M69 tiene un tamaño de 10 minutos de arco y una magnitud de 8.3, por lo que es fácilmente visible a través de unos pequeños prismáticos, aunque sólo lo veremos como una pequeña estrella desenfocada. Al telescopio M69 nos muestra su esplendor, sobre todo si observamos desde un lugar oscuro y con una atmósfera limpia. Podremos disfrutar entonces de su enjambre de estrellas que brillan formando una esfera luminosa. Con el Celestron C11 numerosas estrellas salpicaban toda su superficie, llegando a resolverse incluso en el mismo núcleo. Éste, pequeño y de forma triangular, se diferenciaba claramente de la periferia, presentando un notable incremento de brillo, como corresponde a un globular de concentración V. El campo colindante, repleto de puntos, nos recuerda que estamos observando el barrio central de nuestra galaxia, un lugar lleno de transeúntes.

M69

El anillo del escorpión (NGC 6337)

En estas noches cálidas de junio las dos estrellas que forman el aguijón del escorpión se elevan a medianoche, y justo a su derecha vamos a observar el objeto de hoy. La siguiente fotografía supone una buena introducción:

Foto NGC 6337.jpg

Romano Corradi / Observatorio Roque de los Muchachos

Después de la sequía primaveral, las nebulosas planetarias vuelven a tomar algo de protagonismo, en esta ocasión con NGC 6337, una bonita planetaria que se encuentra en Escorpio, a una distancia que se estima entre 4500 y 5200 años luz. Se sitúa en pleno Brazo de Sagitario, el brazo que da cobijo a las grandes nebulosas del verano y que divide el cielo con su imponente luz. Fue descubierta en 1834 por John Hesrchel, en una época en la que nadie podría imaginarse su verdadera naturaleza. Una de las características más llamativas de NGC 6337 es que cinco estrellas atraviesan su disco de lado a lado, transmitiéndonos cierta sensación de artificio. Sin embargo, ha sido la casualidad la que ha colocado a las estrellas en ese lugar desde nuestra perspectiva, siendo sólo una de ellas la enana blanca que ha dado origen a la nebulosa. La estrella central, con una magnitud de 15, resulta bastante difícil de observar con telescopios de apertura media, si bien no es del todo imposible bajo cielos impecables. En la siguiente imagen podemos observar a NGC 6337 en su ambiente más cercano, un lugar repleto de hidrógeno que es ionizado por la multitud de estrellas que se están gestando.

Foto NGC 6337 campo

Don Goldman / Astrodon

Podríamos sentirnos tentados de describir NGC 6337 como una esfera de gas, pero la realidad es muy distinta, ya que presenta una estructura bipolar más parecida a M27, por ejemplo. Su orientación hacia nosotros es lo que evita que veamos los dos lóbulos, aunque una leve inclinación permite apreciar cierta elongación en el halo externo de la nebulosa. Que se formen dos lóbulos opuestos a la estrella es algo que puede desafiar nuestra lógica, cuando sabemos que la nebulosa se forma por la expulsión de las capas superficiales de una gigante roja… ¿Por qué no es, entonces, una esfera perfecta? La respuesta está en la estrella central, que no es una sino un sistema binario. Una pequeña estrella orbita a su compañera principal, dejando una estela de polvo que rodea a la estrella central como si fuera un donut, una estructura que se conoce como torus. Este donut cósmico es el responsable de canalizar el gas que expulsa la estrella central, que sólo puede expandirse a través de sus dos polos opuestos. No ha debido ser fácil descubrir el origen de estas nebulosas, y aún quedan muchos detalles que sacar a la luz para poder explicar de una forma más precisa su formación.

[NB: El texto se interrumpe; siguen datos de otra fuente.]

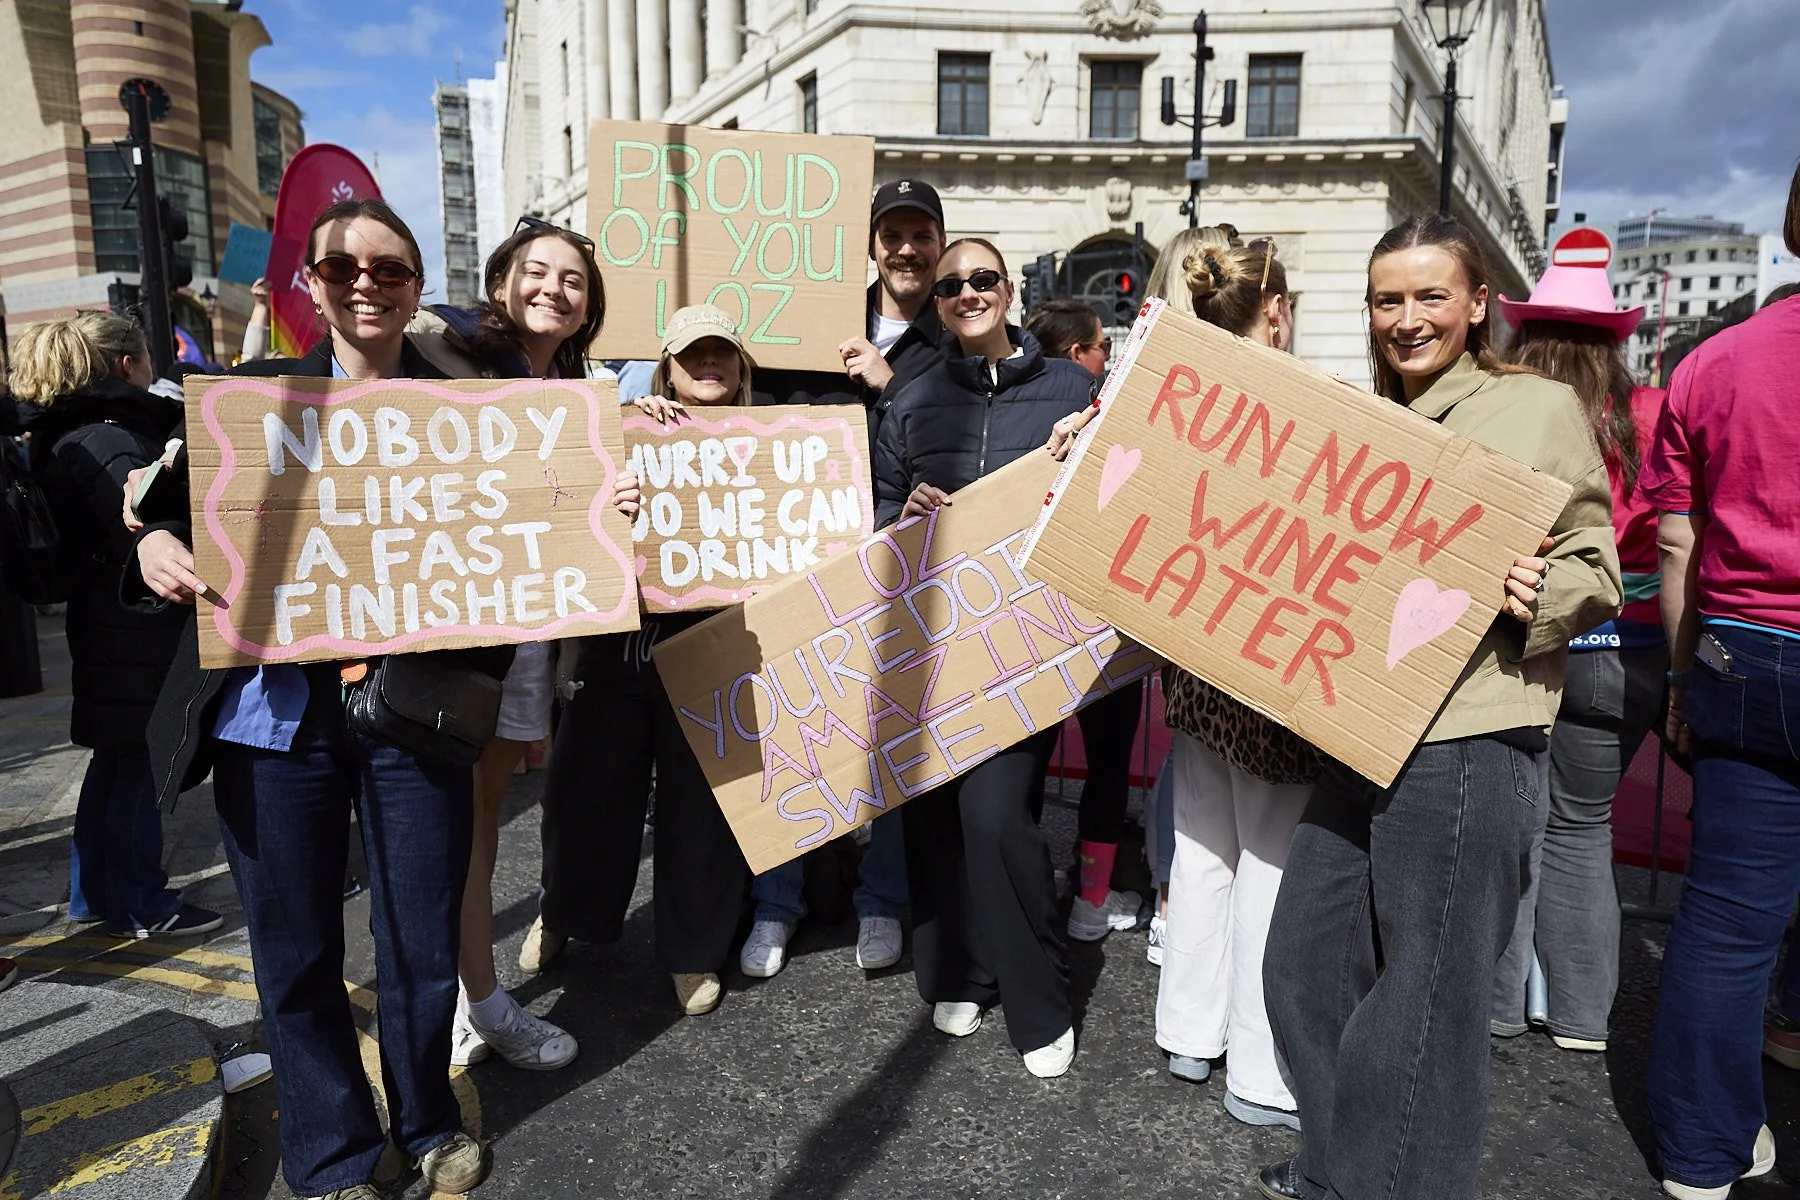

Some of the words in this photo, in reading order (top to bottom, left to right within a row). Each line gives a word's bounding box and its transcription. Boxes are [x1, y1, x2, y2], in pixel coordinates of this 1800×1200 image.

[613, 140, 840, 219] PROUD
[722, 217, 844, 282] YOU
[655, 279, 801, 344] LOZ
[262, 406, 567, 475] NOBODY
[772, 435, 829, 484] UP
[1147, 364, 1296, 478] RUN
[1292, 430, 1485, 567] NOW
[317, 469, 510, 526] LIKES
[697, 488, 766, 538] WE
[776, 485, 862, 537] CAN
[295, 526, 349, 580] A
[371, 521, 552, 585] FAST
[659, 535, 822, 587] DRINK
[807, 506, 968, 627] LOZ
[1189, 470, 1383, 617] WINE
[273, 567, 598, 646] FINISHER
[901, 529, 1048, 645] DOI
[1108, 514, 1355, 707] LATER
[1568, 634, 1621, 647] s.org
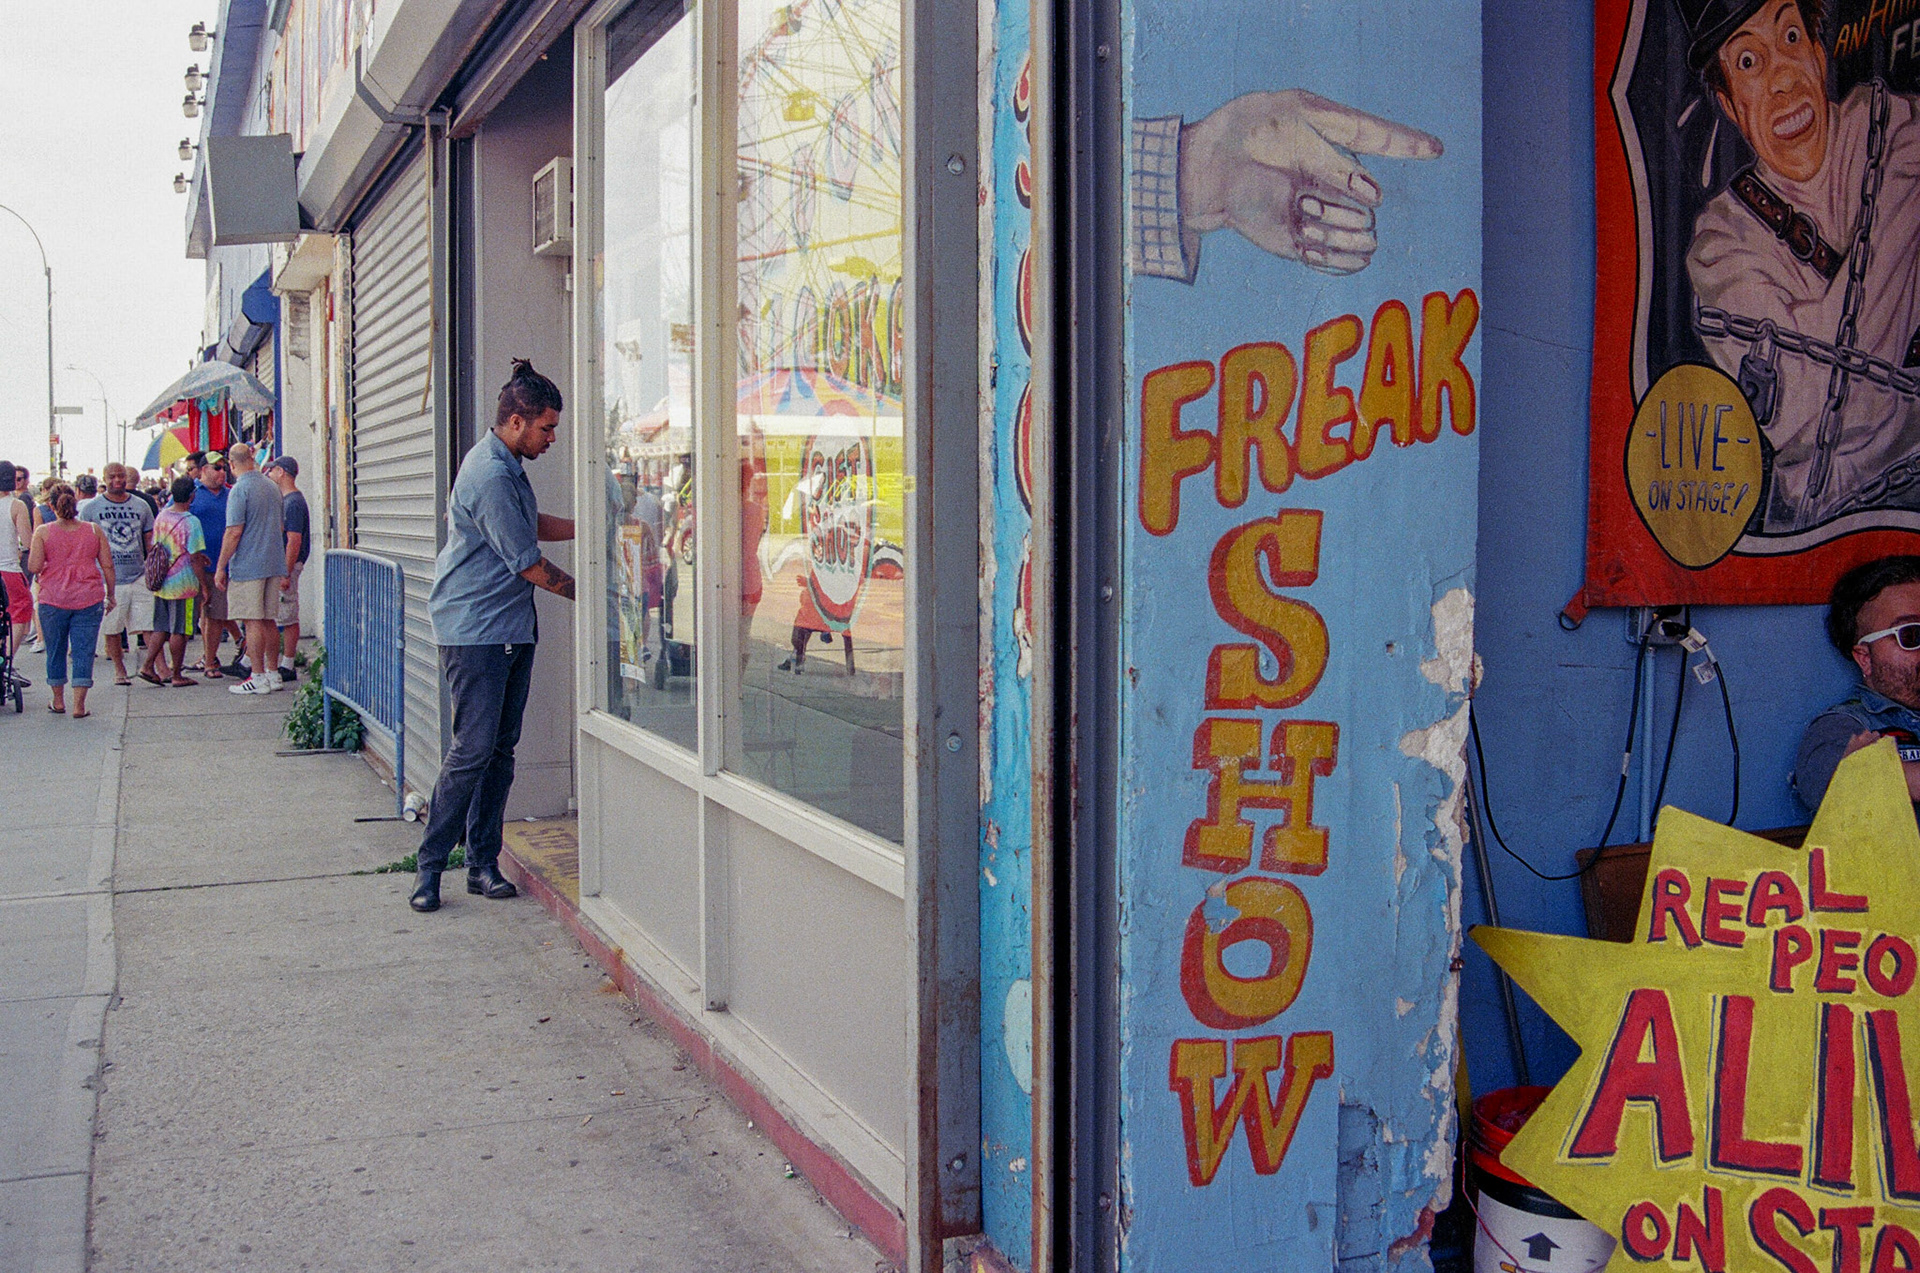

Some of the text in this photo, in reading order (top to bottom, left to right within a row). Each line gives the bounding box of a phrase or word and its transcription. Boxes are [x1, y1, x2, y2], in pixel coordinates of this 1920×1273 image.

[1833, 15, 1866, 59] AN
[1138, 288, 1479, 536] FREAK
[810, 442, 860, 504] GIFT
[1649, 480, 1749, 517] ON STAGE!
[98, 511, 141, 520] LOYALTY
[1168, 508, 1341, 1186] SHOW
[1647, 848, 1869, 949] REAL
[1769, 924, 1918, 997] PEO
[1622, 1184, 1726, 1273] ON
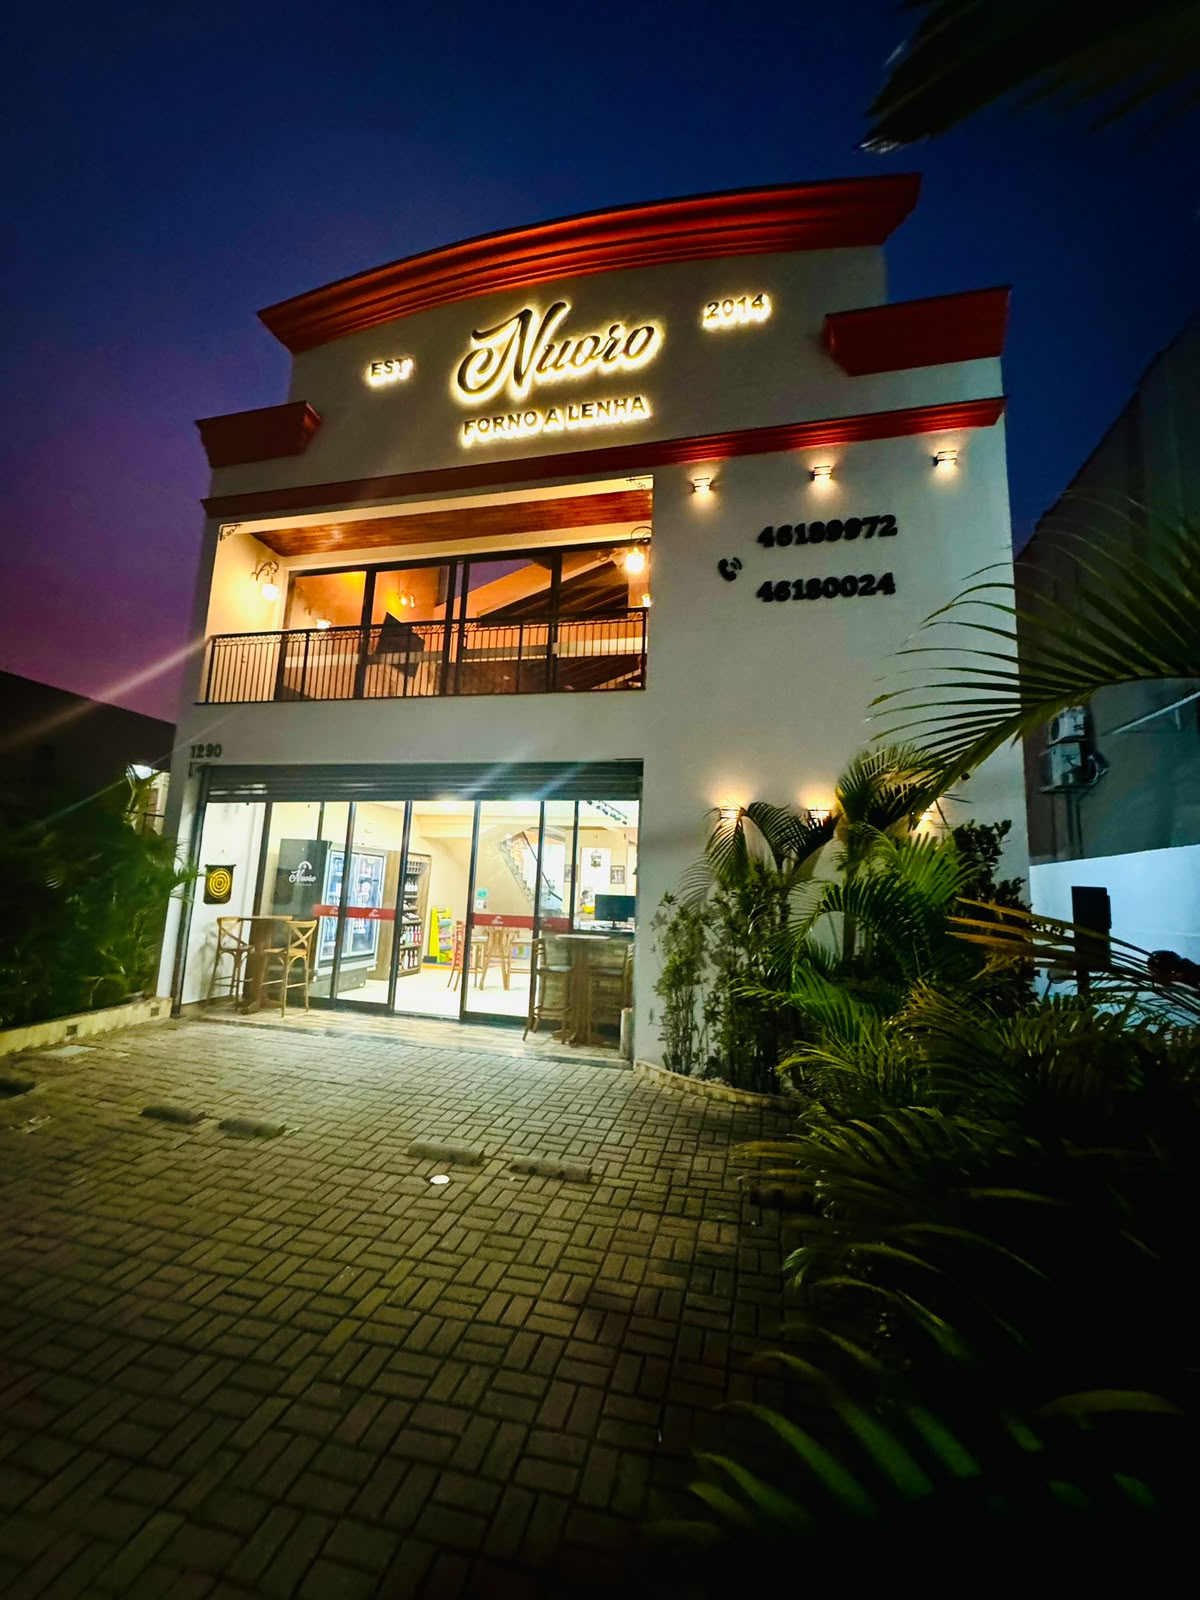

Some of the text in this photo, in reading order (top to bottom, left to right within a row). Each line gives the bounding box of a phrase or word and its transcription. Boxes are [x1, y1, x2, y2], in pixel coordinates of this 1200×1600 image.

[705, 293, 765, 319] 2014
[457, 301, 655, 395] Nuoro
[463, 396, 647, 436] FORNO A LENHA
[756, 514, 898, 548] 46189972
[756, 572, 896, 602] 46180024

Una vez en el campo donde debería estar la nebulosa, será fácil que no seamos capaces de ver nada salvo una miríada de estrellas pululando aquí y allá. Estamos mirando directos al Brazo de Sagitario, así que no debería extrañarnos. Con mi Dobson de 30 centímetros comencé a notar su presencia al poco rato, como un tenue brillo fantasmagórico que formaba un triángulo con dos estrellas. Decidí entonces poner el filtro OIII y la magia surtió efecto. El anillo de humo apareció de repente ante mis ojos, tenue pero fácilmente reconocible, como una pálida versión de M57, algo más redondeada y débil. El borde, engrosado, no era precisamente fino, apreciándose sin ningún problema un considerable grosor si tenemos en cuenta la dificultad de su observación. Las estrellas colindantes, eso sí, desaparecieron en su mayoría con el filtro. Probé a retirarlo y ya, sabiendo su posición exacta, sí podía observar su contorno, distinguiendo sin problema la estrella más brillante de su hilera central, situada en uno de los extremos, que parecía inmersas en el borde del anillo de humo, rozando el agujero que parecía abrirse a sus pies. Sin duda, fue una de las sorpresas de la noche, así como un aliciente para volver a cazar esa esquiva estrella central. Finalmente decidí dibujar la planetaria con el filtro OIII, por lo cual aparece el campo especialmente vacío de estrellas. La débil estrella que tocaba su borde apenas podía apreciarse con el filtro, pero la he dibujado un poco más brillante para que se vea su posición.

NGC 6337

Bajo la laguna (NGC 6553)

El cielo de verano se va adelantando cada noche, y con él una miríada de estrellas puebla nuestros ojos cuando miramos a través del telescopio. Vamos dejando atrás las galaxias perdidas en un mar oscuro para encontrar luciérnagas de múltiples colores allá donde miremos, con nebulosas, cúmulos… Estamos apuntando directamente al centro de nuestra galaxia. Hemos hablado en varias ocasiones de M8, la Nebulosa de la Laguna, y también dedicamos una entrada a NGC 6544, un interesante globular que se encontraba justo debajo. Pues bien, hoy vamos a seguir bajando por este camino celeste para llegar a otro cúmulo globular, apenas situado a un grado de la nebulosa.

Foto NGC 6553

NGC 6553 se encuentra a 19.600 años luz de distancia de nosotros, casi en línea recta hacia el centro de nuestra galaxia, del que dista unos 7.200 años luz. Es una zona difícil de observar debido a la ingente cantidad de polvo, gas y estrellas que se interpone: estamos observando a través los densos brazos de nuestra galaxia. William Herschel descubrió este globular en 1784, si bien creía que era una nebulosa planetaria al no distinguir ninguna estrella en su interior. NGC 6553 se encuentra inmerso en una órbita casi circular alrededor del núcleo galáctico. Tiene una metalicidad alta y pertenece a la población de cúmulos globulares del bulbo, lo cual se asocia a una edad relativamente joven. Sin embargo se ha estimado su edad en unos entre 12 y 13 mil millones de años, por lo que se formó durante los primeros momentos de vida de la Vía Láctea. Gracias a estos datos podemos aventurar que el bulbo galáctico se enriqueció de metales en esa franja de tiempo, probablemente por la explosión de las primeras grandes estrellas, que poblaron el cielo con hierro, carbono y elementos más pesados.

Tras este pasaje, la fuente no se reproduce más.